Section 4. Definitions

For purposes of this regulation:

A. "Applicant" means:

(1) In the case of an individual Medicare Supplement policy, the person who seeks to contract for insurance benefits; and

(2) In the case of a group Medicare Supplement policy, the proposed certificateholder.

B. "Bankruptcy" means when a Medicare Advantage organization that is not an issuer has filed, or has had filed against it, a petition for declaration of bankruptcy and has ceased doing business in the state.

C. "Certificate" means any certificate delivered or issued for delivery in this state under a group Medicare Supplement policy.

D. "Certificate form" means the form on which the certificate is delivered or issued for delivery by the issuer.

E. "Continuous period of creditable coverage" means the period during which an individual was covered by creditable coverage, if during the period of the coverage the individual had no breaks in coverage greater than sixty-three (63) days.

F. "Creditable coverage"

(1) "Creditable coverage" means, with respect to an individual, coverage of the individual provided under any of the following:

(a) A group health plan;

(b) Health insurance coverage;

(c) Part A or Part B of Title XVIII of the Social Security Act (Medicare);

(d) Title XIX of the Social Security Act (Medicaid), other than coverage consisting solely of benefits under Section 1928;

(e) Chapter 55 Title 10 of the United States Code (TRICARE);

(f) A medical care program of the Indian Health Service or of a tribal organization;

(g) A state health benefits risk pool, including the South Carolina Health Insurance Pool;

(h) A health plan offered under Chapter 89 of Title 5 United States Code (Federal Employees Health Benefits Program);

(i) A public health plan as defined in federal regulations; and

(j) A health benefit plan under Section 5(e) of the Peace Corps Act (22 U.S.C. 2504(e)).
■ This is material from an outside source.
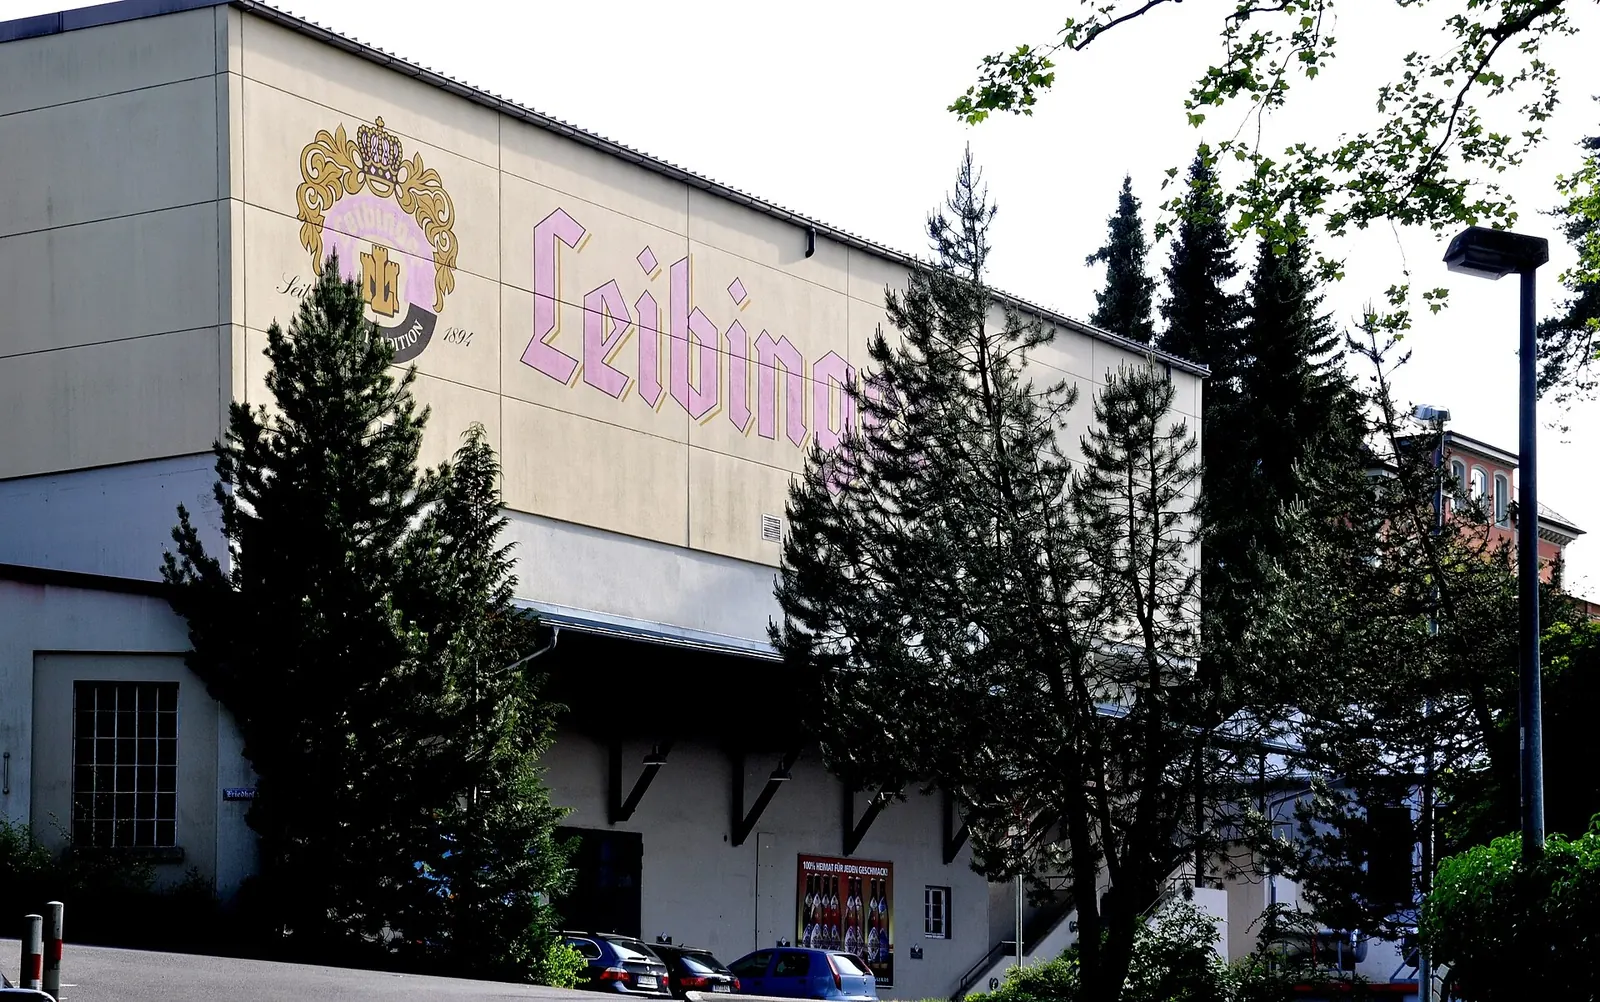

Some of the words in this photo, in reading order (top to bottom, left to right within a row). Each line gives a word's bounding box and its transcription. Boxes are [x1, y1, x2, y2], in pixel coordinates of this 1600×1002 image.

(2) "Creditable coverage" shall not include one or more, or any combination of, the following:

(a) Coverage only for accident or disability income insurance, or any combination of accident and disability income insurance;

(b) Coverage issued as a Supplement to liability insurance;

(c) Liability insurance, including general liability insurance and automobile liability insurance;

(d) Workers' compensation or similar insurance;

(e) Automobile medical payment insurance;

(f) Credit-only insurance;

(g) Coverage for on-site medical clinics; and

(h) Other similar insurance coverage, specified in federal regulations, under which benefits for medical care are secondary or incidental to other insurance benefits.

(3) "Creditable coverage" shall not include the following benefits if they are provided under a separate policy, certificate or contract of insurance or are otherwise not an integral part of the plan:

(a) Limited scope dental or vision benefits;

(b) Benefits for long-term care, nursing home care, home health care, community-based care, or any combination thereof; and

(c) Such other similar, limited benefits as are specified in federal regulations.

(4) "Creditable coverage" shall not include the following benefits if offered as independent, noncoordinated benefits:

(a) Coverage only for a specified disease or illness; and

(b) Hospital indemnity or other fixed indemnity insurance.

(5) "Creditable coverage" shall not include the following if it is offered as a separate policy, certificate or contract of insurance:

(a) Medicare Supplemental health insurance as defined under Section 1882(g)(1) of the Social Security Act;

(b) Coverage supplemental to the coverage provided under Chapter 55 Title 10 of the United States Code; and

(c) Similar supplemental coverage provided to coverage under a group health plan.

G. "Employee welfare benefit plan" means a plan, fund or program of employee benefits as defined in 29 U.S.C. Section 1002 (Employee Retirement Income Security Act).

H. "Insolvency" means when an issuer, licensed to transact the business of insurance in this state, has had a final order of liquidation entered against it with a finding of insolvency by a court of competent jurisdiction in the issuer's state of domicile.